E’ esplosa la collera in Messico dopo l'annuncio del massacro di 43 studenti "desaparecidos" di Iguala ad opera di tre sicari del gruppo narcos Guerreros Unidos. Alcuni giovani hanno assaltato la sede del governo e tentato di incendiare il portone del palazzo
Giornata di proteste e scontri in Messico, dopo l’annuncio del massacro di 43 studenti “desaparecidos” di Iguala ad opera di tre sicari del gruppo narcos Guerreros Unidos. Nella capitale alcuni giovani hanno assaltato la sede del governo, mentre il presidente Enrique Pena Nieto si apprestava a partire per un viaggio di sei giorni tra Cina e Australia, lasciando un Paese in grande fibrillazione. La protesta si è scatenata sabato sera a Città del Messico. Dopo un corteo massiccio per le strade della capitale, per chiedere la verità sul massacro, una ventina di persone a volto coperto hanno assaltato il Palazzo Nazionale, sede della presidenza, tentando di forzare l’ingresso e lanciando bottiglie molotov, che hanno provocato un incendio, poi spento dall’intervento – tardivo – della polizia, che non presidiava la zona. Poi, sempre all’ingresso dell’edificio, è comparsa una scritta “li vogliamo vivi“. Qualche ora prima, nella capitale dello Stato di Guerrero, dove gli studenti erano scomparsi lo scorso 26 settembre, circa 300 ragazzi hanno bruciato una decina di auto davanti alla sede del governo regionale, rompendo i vetri della facciata.

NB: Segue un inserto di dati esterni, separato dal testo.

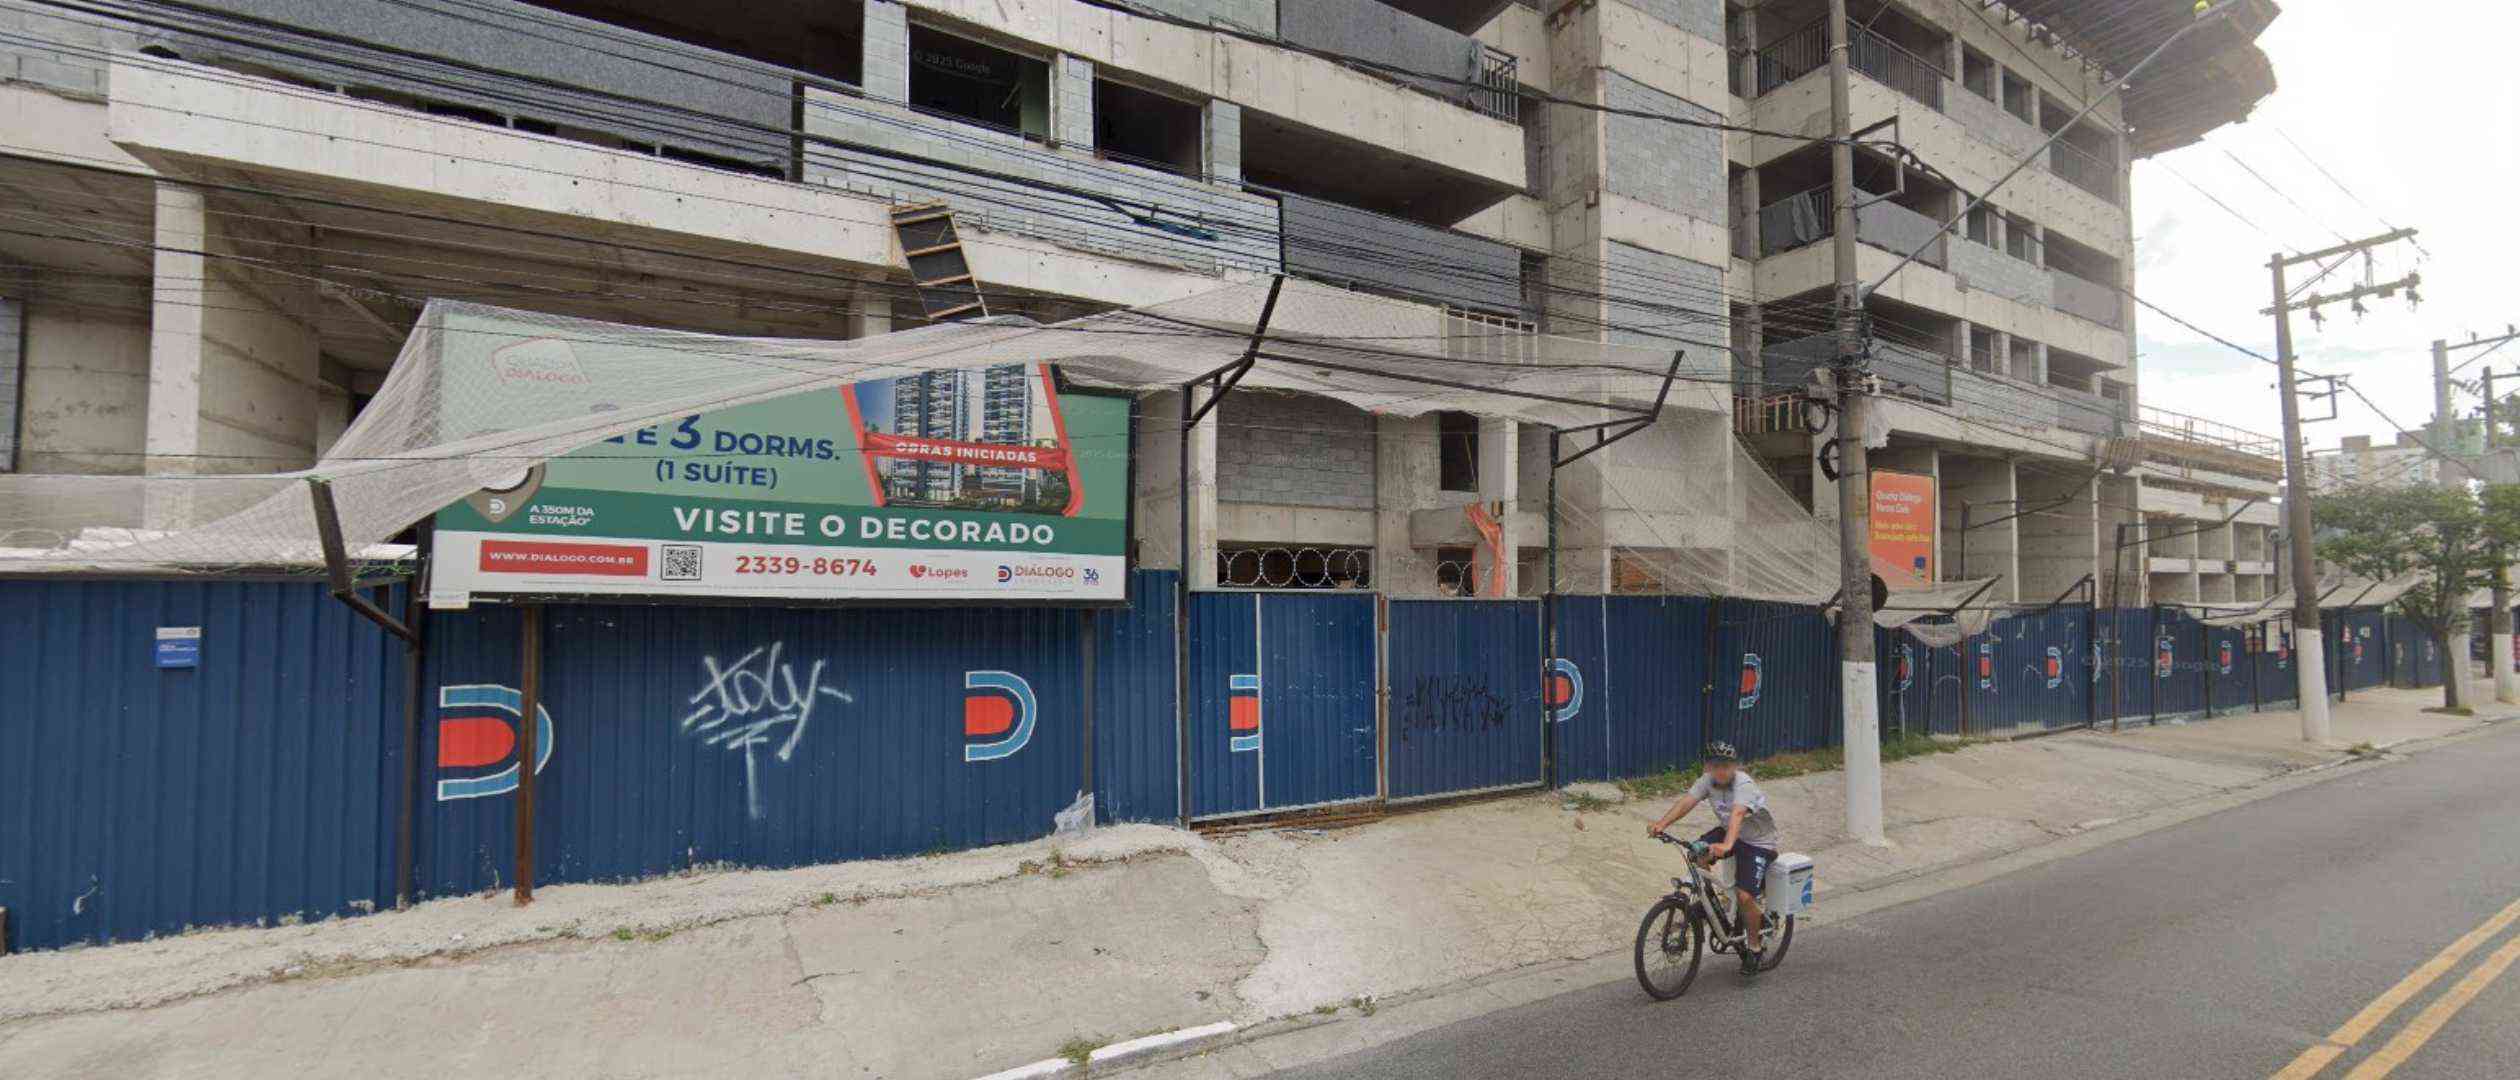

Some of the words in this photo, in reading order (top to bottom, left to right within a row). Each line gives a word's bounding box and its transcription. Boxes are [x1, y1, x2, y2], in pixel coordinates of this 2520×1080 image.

[669, 414, 702, 449] 3
[714, 430, 840, 460] DORMS.
[895, 442, 952, 457] OBRAS
[957, 443, 1037, 463] INICIADAS
[656, 459, 675, 482] (1
[684, 460, 778, 490] SUÍTE)
[529, 504, 540, 514] A
[577, 506, 595, 517] DA
[672, 507, 805, 536] VISITE
[819, 514, 846, 537] O
[860, 516, 1055, 545] DECORADO
[489, 551, 634, 565] WWW.DIALOGO.COM.BR
[735, 556, 877, 576] 2339-8674
[928, 565, 968, 579] Lopes
[1015, 563, 1074, 578] DIÁLOGO
[1083, 568, 1099, 580] 36

Le violenze sono divampate all’indomani dell’annuncio, da parte del procuratore generale Jesus Murillo Karam, dell’uccisione dei 43 studenti da parte dei narcos, con i corpi bruciati, alcuni mentre erano ancora vivi, in una discarica. Lo stesso Karam aveva riferito che erano stati i tre presunti sicari a confessare il massacro. Formalmente, però, gli studenti restano “desaparecidos” finché non si potranno identificare i loro resti, operazione complicata perché gli assassini hanno spezzettato le ossa.

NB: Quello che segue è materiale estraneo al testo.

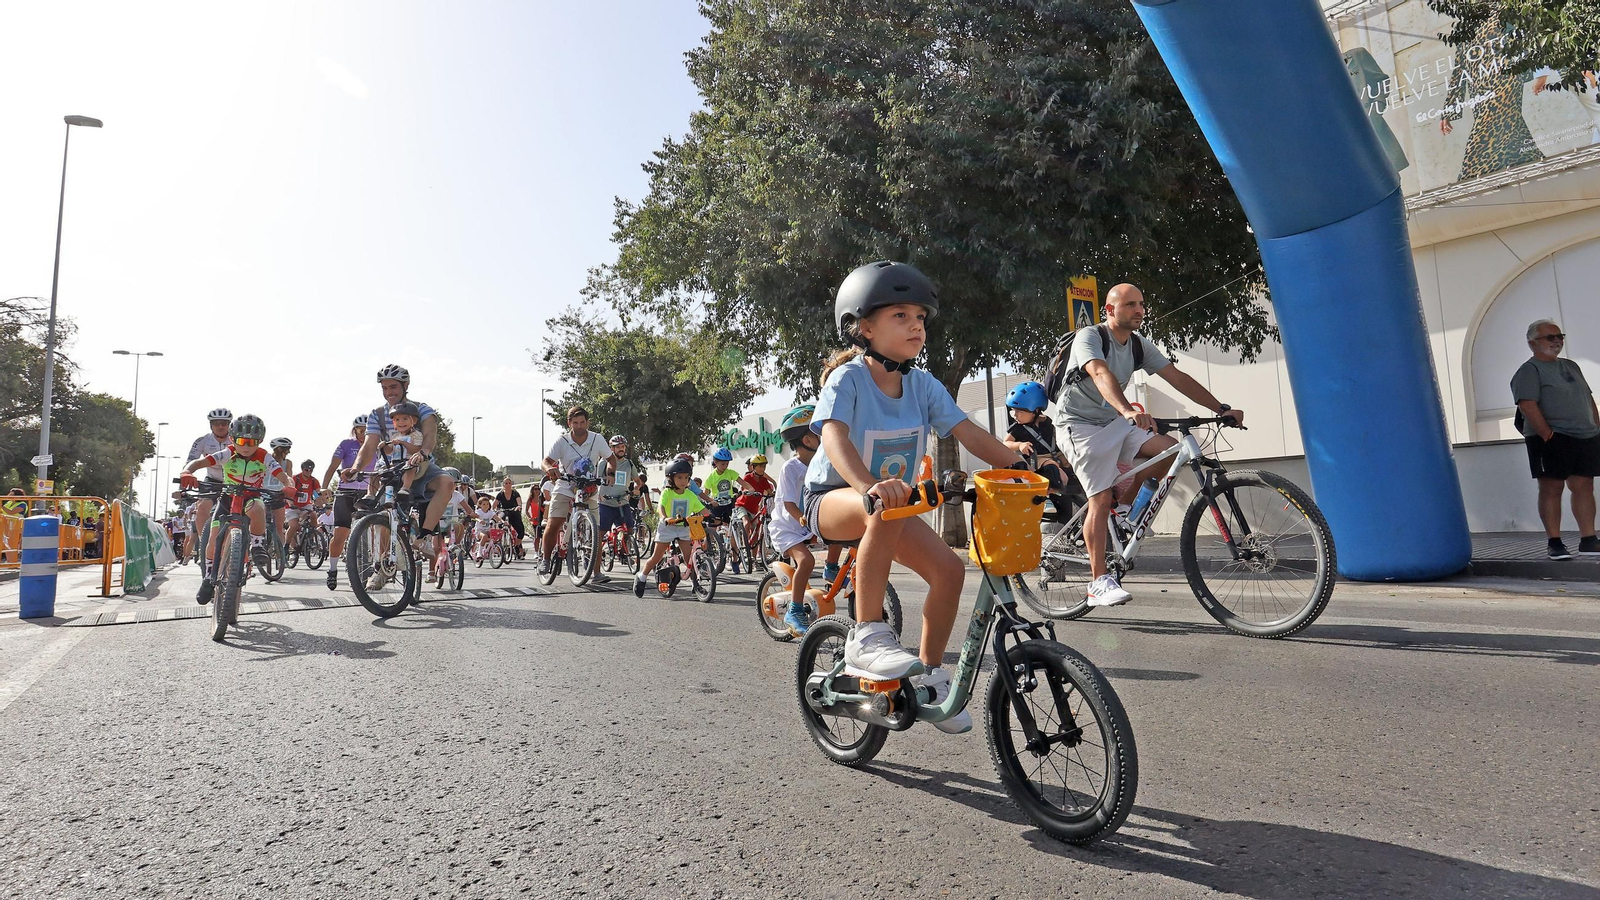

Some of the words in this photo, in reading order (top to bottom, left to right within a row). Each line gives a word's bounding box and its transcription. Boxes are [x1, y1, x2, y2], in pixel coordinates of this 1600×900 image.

[1435, 55, 1461, 75] EL
[1444, 69, 1474, 91] LA
[1427, 105, 1455, 119] Corte
[728, 428, 758, 451] Corte
[1135, 475, 1176, 541] ORBEA
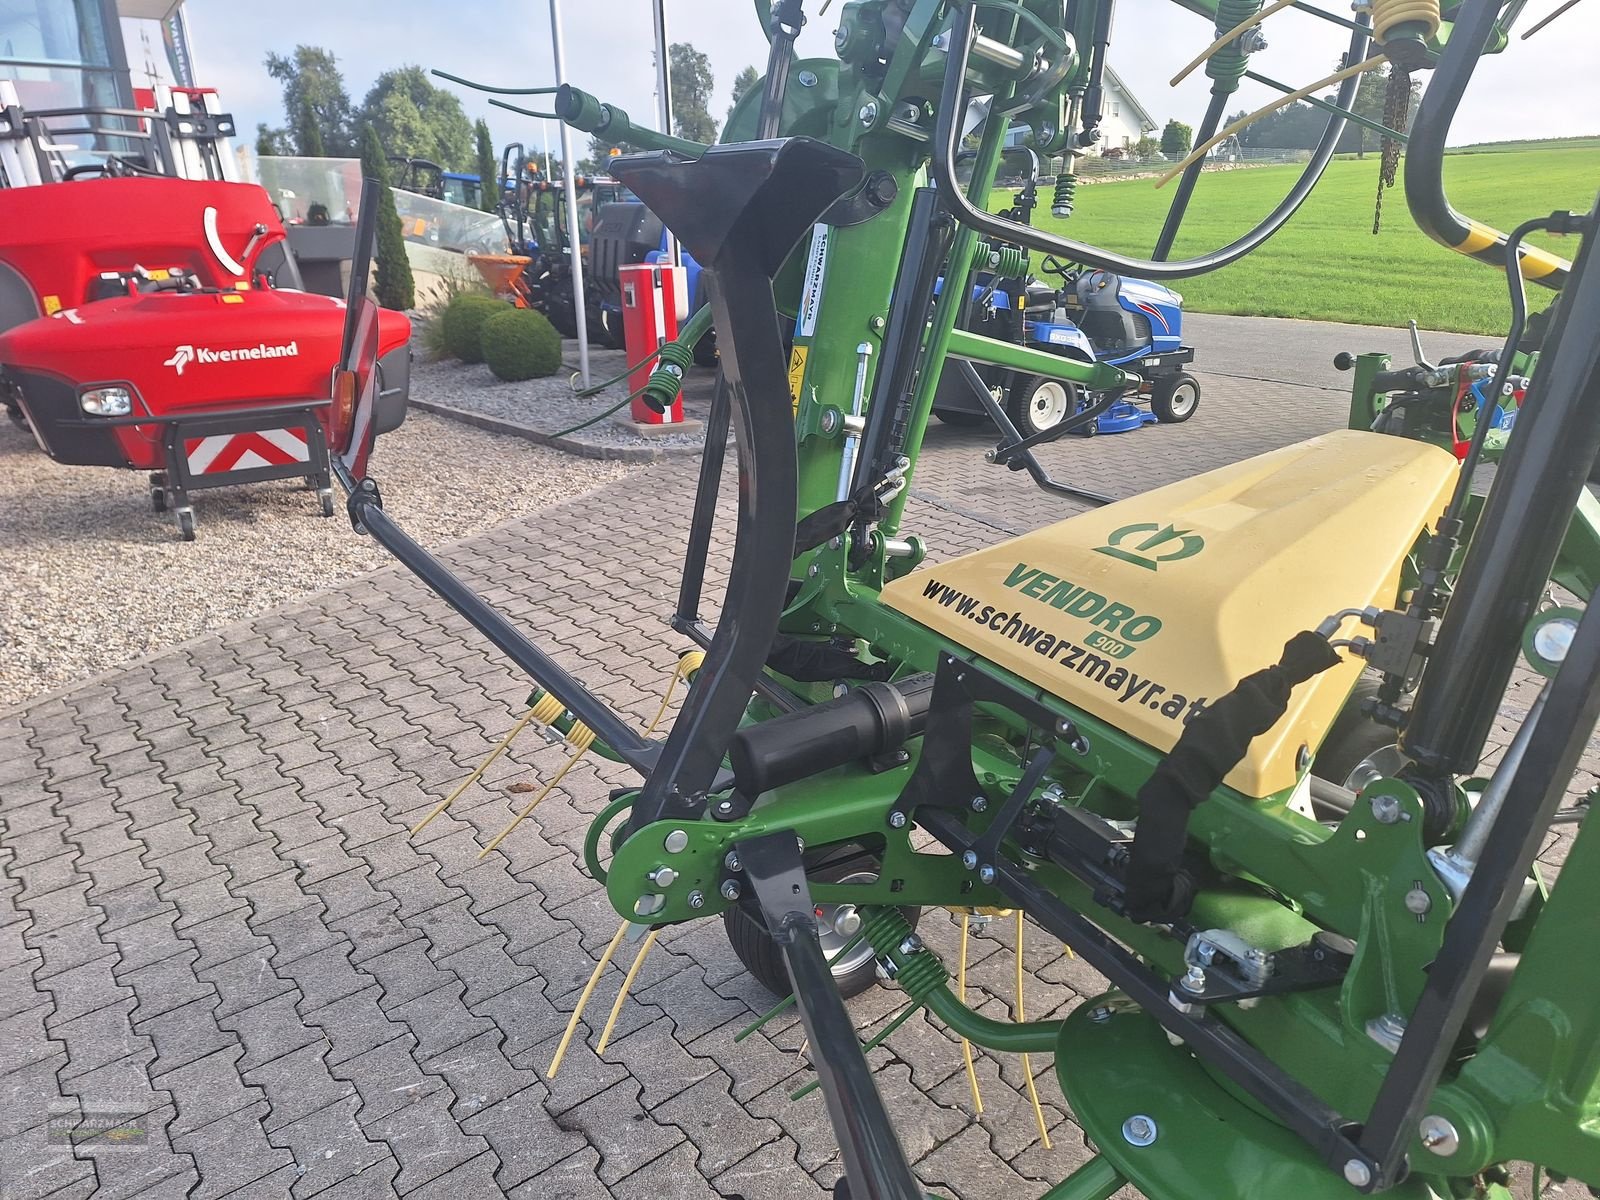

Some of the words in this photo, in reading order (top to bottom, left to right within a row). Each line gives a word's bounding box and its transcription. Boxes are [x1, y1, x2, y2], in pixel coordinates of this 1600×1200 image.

I familiari delle vittime, tuttavia, non credono alla versione ufficiale, pretendono le prove e attaccano il presidente Pena Nieto, accusato di non aver mantenuto la sua promessa di fare chiarezza. Il capo dello Stato è stato criticato per non aver accettato che l’inchiesta sia seguita dalla Corte Interamericana dei Diritti Umani, e si è insinuato che volesse chiudere la faccenda in fretta e furia prima di partire per una tournée diplomatica in Cina e Australia, dove parteciperà ai vertici dell’Apec a Pechino e del G20 a Brisbane.
Proprio stamane Nieto è partito per Pechino, lasciandosi alle spalle per qualche giorno la peggiore crisi dal suo insediamento nel 2012, che ha squarciato un velo sulla collusione tra autorità politiche, polizia e crimine organizzato. Secondo le autorità federali, gli studenti sarebbero stati rapiti e poi uccisi su iniziativa dell’ex sindaco di Iguala, José Luis Abarca, e di sua moglie, Maria de Los Angeles Pineda, sorella di tre trafficanti di droga molto noti. La coppia, in seguito arrestata, secondo gli inquirenti temeva che l’arrivo in città degli studenti disturbasse un evento pubblico promosso dallo stesso Pineda.
La rabbia è scoppiata anche nello Stato di Guerrero. Studenti della Escuela Normal de Ayotzinapa hanno dato fuoco ad alcuni veicoli e fatto irruzione nella sede del governo di Chilpancingo. Oltre un migliaio di studenti con il volto coperto sono entrati nella sede delle autorità locali armati di pietre e bastoni, hanno mandato i vetri in frantumi, scritto slogan sui muri e dato fuoco ad alcuni veicoli. “Vivi li hanno portati via e vivi li vogliamo”, recitava una delle scritte lasciate dai manifestanti. “I miei fratelli vengono assassinati e tu mi dici di stare tranquillo”, si leggeva su un’altra.